It is a sequence of possible events in which the probability of each event depends only on the state attained in the previous event.
So, it esentially predicts on what will happen next based on what just happened.
Imagine you have a text in a language that you don't understand, and you need to render a new paragrah with the words from that original text. How would you render a 'realistic paragragh', something that, even though it is gibberish, almost sounds correct? I never understood much Chomsky's grammatic theories, but I always remember this sentence 'Colorless green ideas sleep furiously' and thinking to myself, in what context it could actually mean something? So, we want to somehow recreate some beautiful random gibberish.
We will want to break down a sentence and create a table or a tree that shows each word and what words can follow that word. So, for the sentence 'the cat in the hat', we would break it down like this, the left side we call it a key, and the right side we call it values:
{"the": ["cat", "hat"], "cat": ["in"], "in": ["the"], "hat": [null]} To achieve this, first we will grab our original paragraph and break it down into a list that separates all our words. We call this list 'WORDS'. We go through each word on this list, and we ask ourselves a series of questions every time we have a new word until we finish with all the WORDS from the list:
- Have I encountered this word already? if YES, then do nothing for now. if NO, then add this word to the table/tree and attach a list to it. The list will hold all the words that can follow this particular word, but initially it is empty.
- Has this word that I encountered have a word that follows it? if YES, then add that word to the list of words that can follow this word. if NO, then add null, no words follow this word.
When we finish going through all the WORDS, we will have an table that will show all the words, and the words that can follow those words.
Now we need to create a new paragraph that initially will be empty.

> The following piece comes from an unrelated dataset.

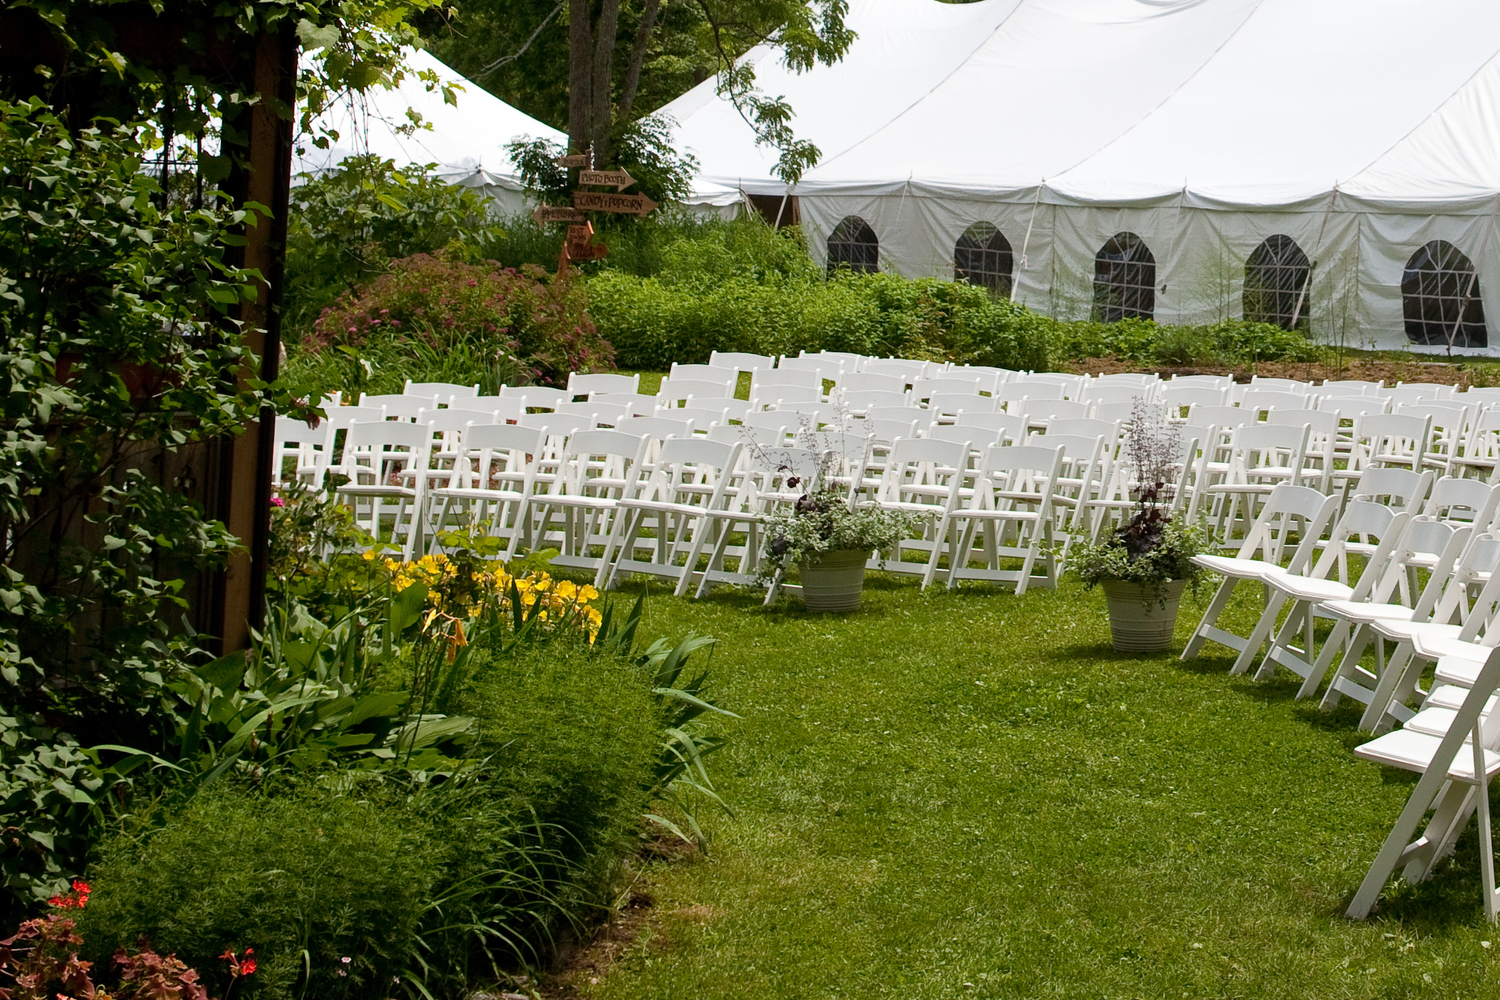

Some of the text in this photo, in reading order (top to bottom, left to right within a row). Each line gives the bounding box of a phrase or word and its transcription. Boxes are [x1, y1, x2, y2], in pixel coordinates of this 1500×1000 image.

[581, 173, 626, 185] PHOTO BOOTH
[580, 195, 605, 208] CANDY
[608, 196, 643, 210] POPCORN

To populate the new paragraph we will first need to grab a random word from the WORDS list, which we will call CURRENT_WORD, and we will ask:
- Does the CURRENT_WORD have a word that follows it or does it have a null value attached to it? (check that object we created above) if NO, then we are done. if YES, then: a. add the CURRENT_WORD to the new paragraph, b. grab a random word from the list of words that may follow this CURRENT_WORD c. make this random word your new CURRENT_WORD and ask again the question above until we are done
Basically, that is how we make a new paragraph. There are small details that go great lenghts to make our paragraph more realistic, like keeping uppercase after a question mark or exclamation mark.
- Break down sentence into a list of words
- Build a key-value table:
- The keys will be words and the value will be a list of words.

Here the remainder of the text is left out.